Armenia Railways: The well-kept station at Ayrum.
As each coach was completed, we were invited to go to the restaurant car for breakfast. The train set off again just before eight o'clock and arrived at Sadakhio about 8.20 a.m., presumably having crossed the legal border somewhere between the two stations.
As we arrived, there were no soldiers on security duties (at least, none visible) but I noticed a Georgian railways electric locomotive on the adjacent track which I correctly guessed would replace the Armenian locomotive which had brought us from Yerevan.

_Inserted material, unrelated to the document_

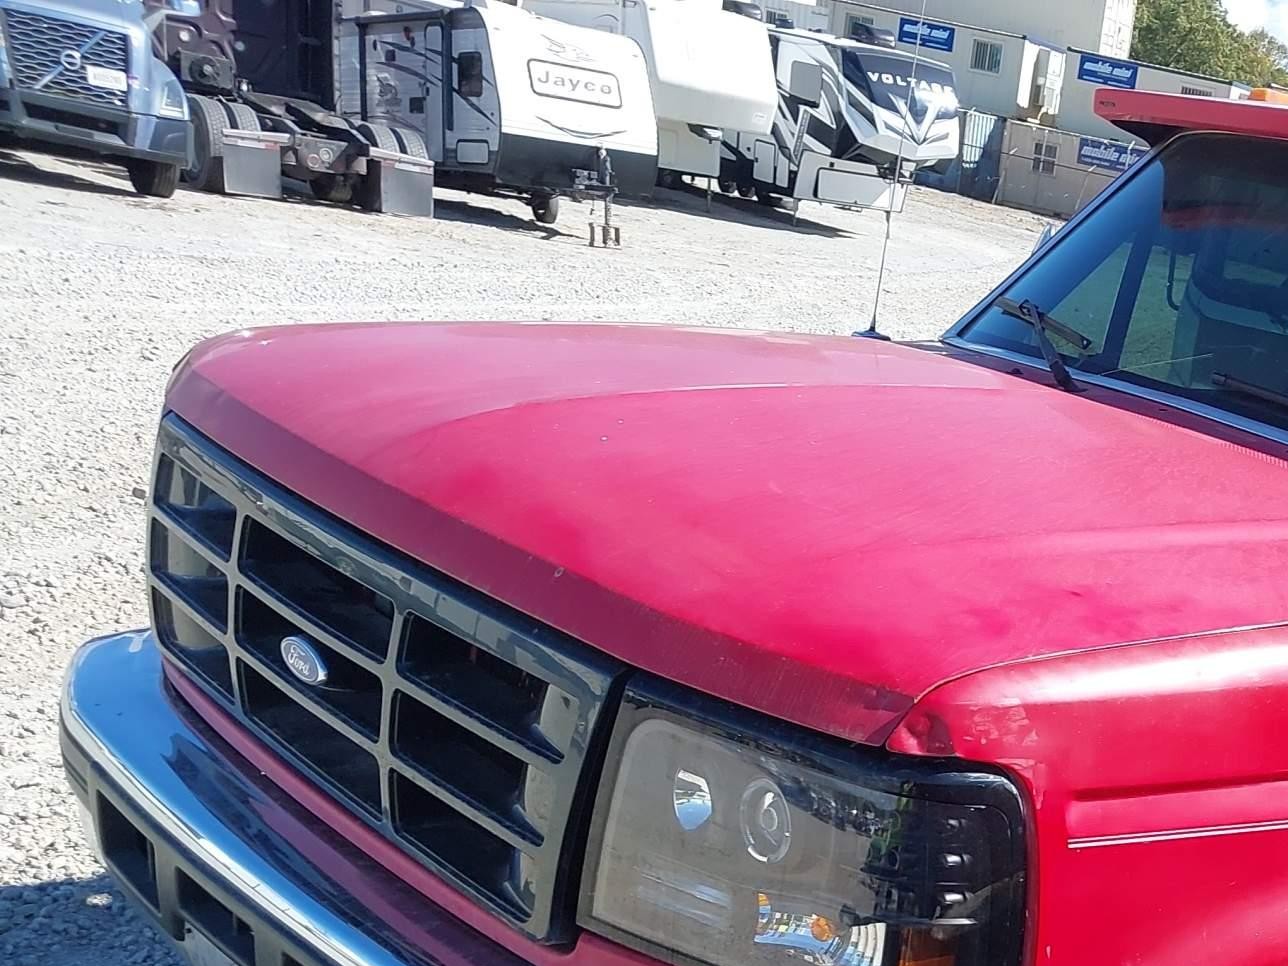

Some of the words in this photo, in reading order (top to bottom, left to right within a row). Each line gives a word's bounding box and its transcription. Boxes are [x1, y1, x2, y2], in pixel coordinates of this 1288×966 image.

Sadakhio, Georgian Railway electric locomotive 10-931 (class VL10).
Once again, we were asked to remain in our cabin until formalities were complete. A party of three officials walked through the train and the senior one checked my appearance with my passport photograph before adding the passport to a substantial pile he'd already gathered. Within 15 minutes, the senior man returned and handed me my stamped passport. I was now in Georgia which, like Armenia, does not require a visa for British passport holders.
At 09:20, as scheduled, we were on the move again on the single line which would take us to the capital of Georgia, Tbilisi. It was a little after eleven when we arrived in platform 1 of Tbilisi station. The architecture of the station is modern and functional but already in need of significant renovation because of crumbling concrete.
Within minutes, we were making our way through the busy station to the road coaches for our city tour. Although independence has brought many problems, Georgia has been successful in attracting inward investment and the city now has a number of striking new buildings. As in many countries, the capital has acted as a magnet and migration from country districts means that around half of Georgia's population now live in Tbilisi. One consequence is congestion on the city's roads and it took our coach some time to drive perhaps two kilometres from the station to the Old City from where we continued on foot.
Firstly, we visited the Metechi Church with its two separate bell towers. This dates from the 12th century and formed part of the former royal residential complex.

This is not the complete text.